DOMBRET Olivier

Biographie

Né à Liège en 1980, Olivier Dombret ressent dès l’enfance le besoin de créer. À 18 ans, il décide d’étudier le sanskrit à l’Université de Liège, tout en explorant divers champs d’expression artistique. Il abandonne ses études 3 ans plus tard afin de poursuivre ses recherches sur la thématique du Corps, ce qui l’amène à travailler durant deux ans sur divers projets de modification corporelle dans le milieu du tatouage et du piercing. Il assouvit ensuite son besoin de voyager et se consacre essentiellement à l’écriture et à la musique. Écrivain-poète, performer et musicien, il vit actuellement entre l’Espagne et la Belgique. Depuis 2004, il collabore régulièrement aux activités de la Troupe Poétique Nomade de Maelström Réévolution, ce qui lui a notamment permis de présenter son travail à travers l’Europe ainsi qu’aux USA.

Bibliographie

Publications

  • “Journal d’un jeune branleur”, Maelström Éditions, 2006 (finaliste du Prix Indications 2007).
  • “L’Empire d’Occident / The Western Empire”, Maelström Éditions, 2008. (Bookleg).
  • “Ghost Words”, Maelström Éditions, 2011. (Bookleg).
  • “Dansent les ombres”, L’Arbre à paroles, 2013.
  • “Notre mère la montagne”, L’Arbre à paroles, 2015. (iF).

Traductions

  • “Fast Speaking Woman”, Anne Waldman, Maelström Éditions, 2008 (Traductions de Marianne Costa, Pierre Guéry, Frédérique Longrée et Olivier Dombret).

Textes

(Extrait de “Dansent les ombres”, L’Arbre à Paroles, Collection POM, Amay, 2013)
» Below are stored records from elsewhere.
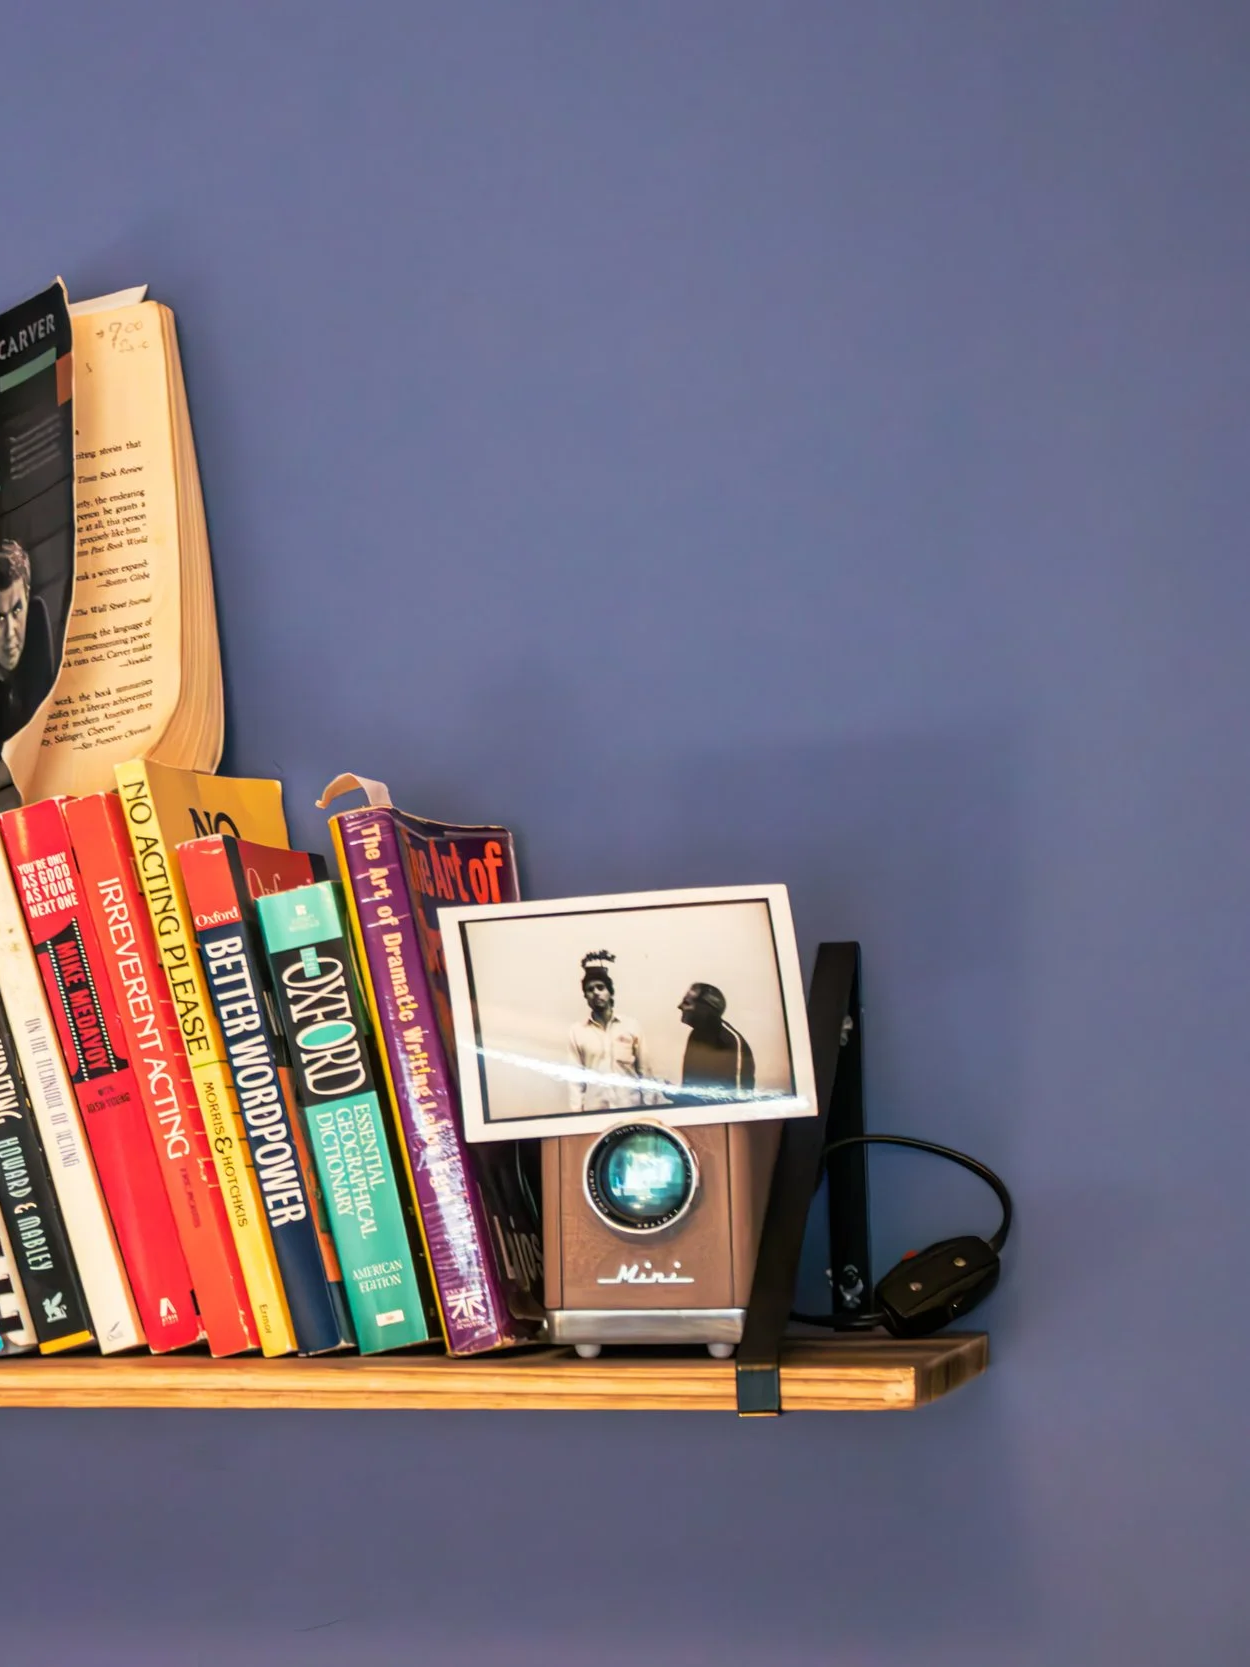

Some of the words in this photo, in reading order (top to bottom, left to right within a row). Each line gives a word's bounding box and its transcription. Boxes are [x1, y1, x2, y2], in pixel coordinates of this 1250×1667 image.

[126, 440, 141, 449] that
[95, 496, 107, 505] the
[110, 489, 145, 502] endearing
[122, 780, 152, 824] NO
[189, 807, 241, 839] NO
[360, 823, 382, 861] The
[17, 858, 47, 875] YOU'RE
[46, 851, 67, 868] ONLY
[21, 874, 38, 890] AS
[38, 863, 71, 885] GOOD
[429, 838, 470, 903] Art
[468, 840, 503, 905] of
[25, 888, 43, 905] AS
[41, 878, 75, 899] YOUR
[135, 835, 180, 937] ACTING
[369, 867, 393, 899] Art
[29, 899, 57, 918] NEXT
[56, 892, 79, 910] ONE
[195, 905, 239, 928] Oxford
[377, 905, 400, 927] of
[204, 936, 261, 1035] BETTER
[383, 932, 419, 1022] Dramatic
[54, 940, 80, 985] MIKE
[68, 990, 109, 1070] MEDAVOY
[97, 877, 165, 1052] IRREVERENT
[143, 1057, 190, 1159] ACTING
[163, 945, 210, 1056] PLEASE
[25, 1018, 42, 1034] ON
[29, 1036, 49, 1054] THE
[282, 956, 367, 1097] OXFORD
[51, 1112, 68, 1125] OF
[203, 1081, 227, 1135] MORRIS
[56, 1129, 80, 1168] ACTING
[214, 1137, 233, 1157] &
[229, 1038, 307, 1228] WORDPOWER
[354, 1103, 386, 1192] ESSENTIAL
[315, 1113, 355, 1217] DICTIONARY
[335, 1107, 377, 1239] GEOGRAPHICAL
[225, 1156, 248, 1228] HOTCHKIS
[16, 1217, 54, 1271] MABLEY
[352, 1259, 403, 1281] AMERICAN
[358, 1274, 403, 1294] EDITION
[606, 1261, 688, 1284] Mini
Les Ténèbres sont le Ventre de la Nuit, grosses d’Ombres nombreuses et fragiles. Grosses des jours qu’il faudra nommer. Grosses de la Lumière à venir. Le Temps n’existe que dans le sablier.

Tout ce qui grogne. Dans les entrailles de la Ville. Tout ce qui rampe. Remplit le vide. Tout ce qui remue dans le Ventre. Avalé. Le Ventre de la Ville. Le Ventre du Monde. Tout ce qui grimpe et s’accroche aux côtes. Cathédrale thoracique. Tout ce qui tousse. Est toussé. Tout ce qui afflue et reflue. Tout ce qui remonte le long de la gorge de la Ville. Régurgité. Tout ce qui cogne contre les dents. Les dents de la Ville. Les dents du Monde. Dans la bouche de la Ville. Sur la langue de la Ville. La langue du Monde. De la Ville. Et du Monde. Encore. Tout ce qui traverse le Monde. Et la Ville. Tout ce qui traverse la Nuit.
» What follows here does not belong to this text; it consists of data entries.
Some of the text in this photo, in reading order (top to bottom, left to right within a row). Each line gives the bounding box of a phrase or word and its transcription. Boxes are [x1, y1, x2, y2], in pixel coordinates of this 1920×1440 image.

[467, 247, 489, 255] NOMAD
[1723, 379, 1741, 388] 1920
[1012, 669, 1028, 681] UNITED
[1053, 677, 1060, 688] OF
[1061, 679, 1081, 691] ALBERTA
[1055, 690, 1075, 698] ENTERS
Tout ce qui est sale et usé. Égaré. Abandonné le long des voies mortes.

Ce qui s’est perdu dans la Forêt.
Crie.
Pleure parfois.
A longtemps appelé.
Jamais la Nuit.
Jamais la Nuit, donc, n’a connu ton visage.
Ni ton nom.
Ni le nom de ton père.
Ni reconnu ta voix.
Ni la voix de ton père.
Ni ces lentes prières par l’Arbre chantées.
Celles de ton père.

C’est le Temps. Le temps perdu. Le temps qui se perd. Les minutes molles. Immobiles. Simples, finalement. Et toujours le Temps. Parce que c’est l’Ennui. L’Ennui qui commande au Temps. L’Ennui qui commande au Temps qui commande à l’Ennui. Et l’erreur qui survient, parfois. De temps en temps. Découvre un autre chemin. Qu’il faut emprunter. Ce soir. Et raconter autre chose. Un peu plus lentement. Différent. Parce que c’est le Temps. Le Temps qui commande à l’Ennui. Le Temps qui commande à l’Ennui qui commande au Temps.
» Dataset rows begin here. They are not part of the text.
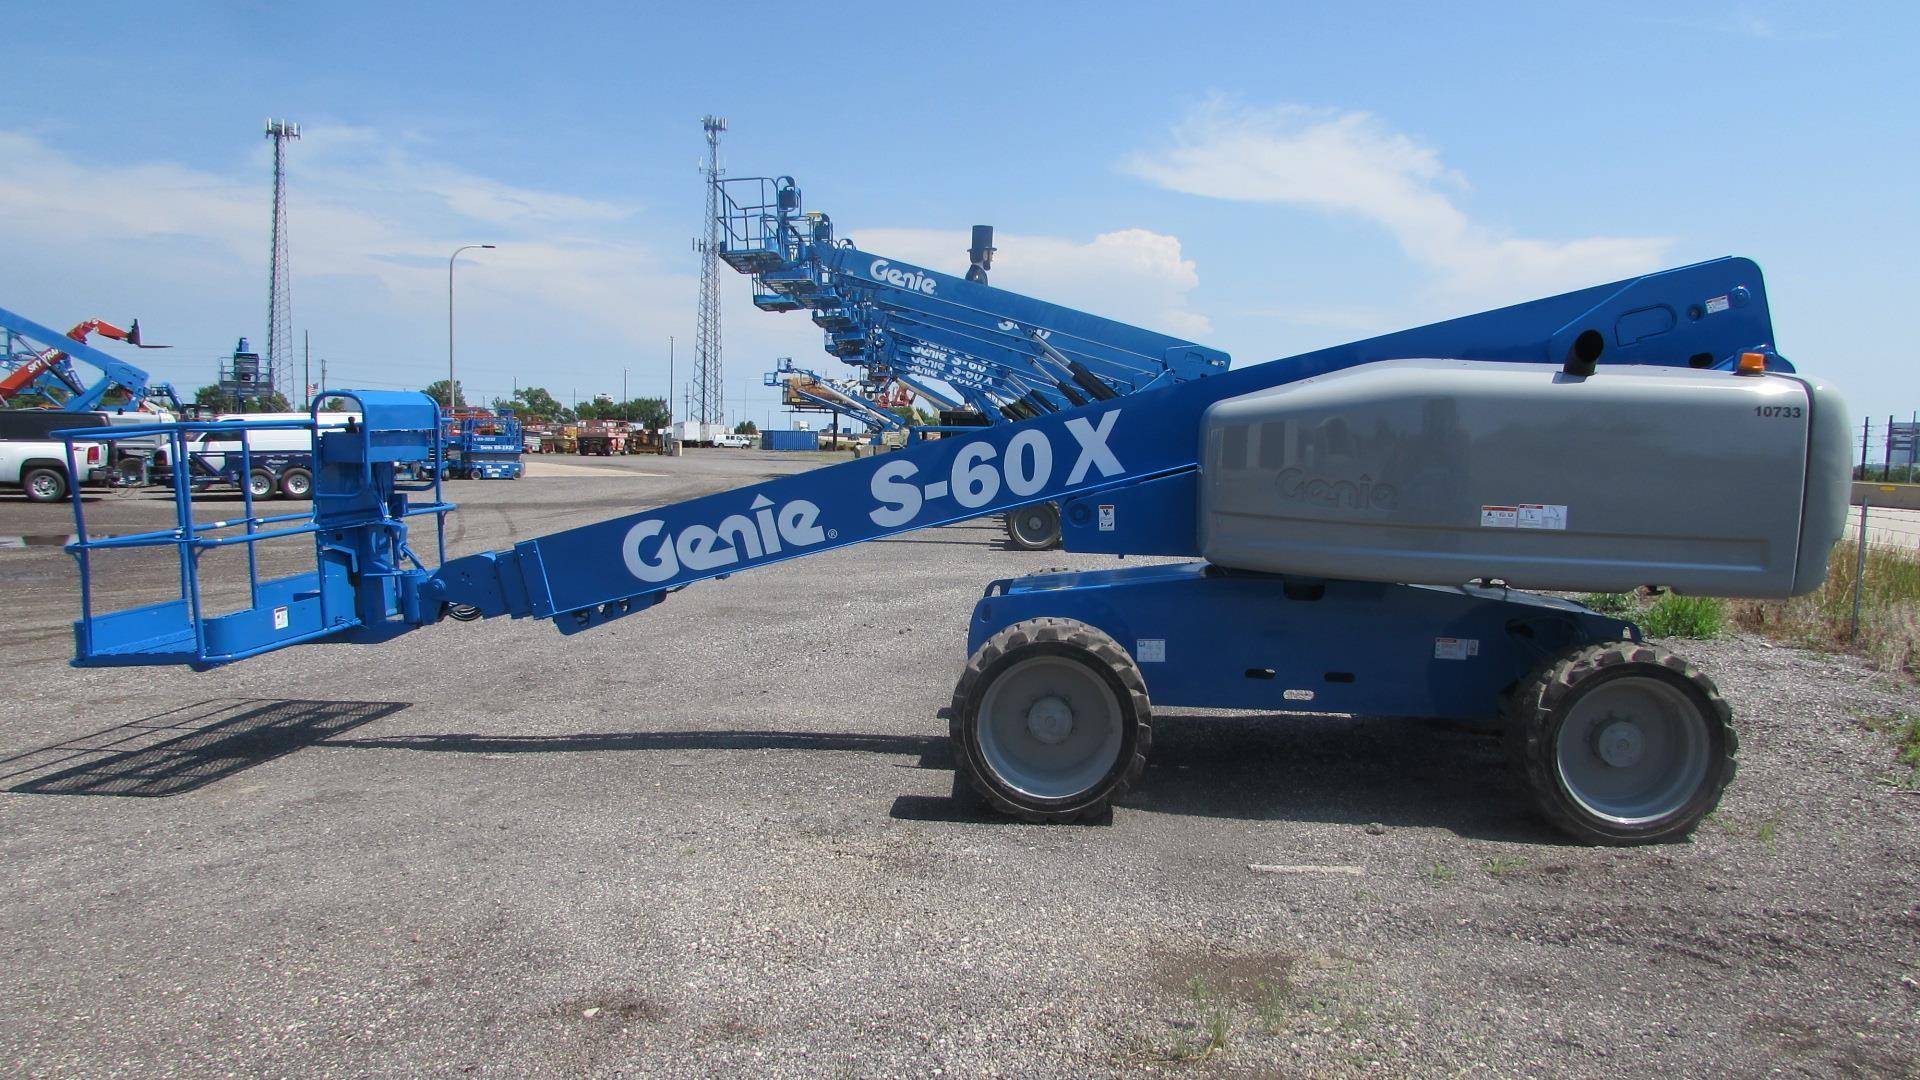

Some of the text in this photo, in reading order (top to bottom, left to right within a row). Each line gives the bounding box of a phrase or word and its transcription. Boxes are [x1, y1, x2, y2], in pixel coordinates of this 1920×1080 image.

[870, 260, 937, 294] Genie
[1754, 406, 1801, 418] 10733
[869, 408, 1126, 528] S-60 X
[1275, 467, 1399, 512] Genie
[622, 493, 826, 583] Genie
Regarde au-delà des visages.
Et vois ce qui s’y cache.
Si tu as peur, ferme les yeux.
Mais vois.

***

(Extrait de “Dansent les ombres”, L’Arbre à Paroles, Collection POM, Amay, 2013)

Tout ce qui naît. Et se meut. Tendu. Se tord. Ce qui se dévêtit et abandonne la froide tunique de la Nuit. Tout ce qui quitte son refuge et se met en marche. Nu, habité par la Lumière du Jour nouveau. C’est la douce chaleur des corps jeunes à la peau dorée. C’est l’attraction. C’est le long baiser de l’Océan. C’est l’œuvre salée de l’Aurore. C’est l’Appel.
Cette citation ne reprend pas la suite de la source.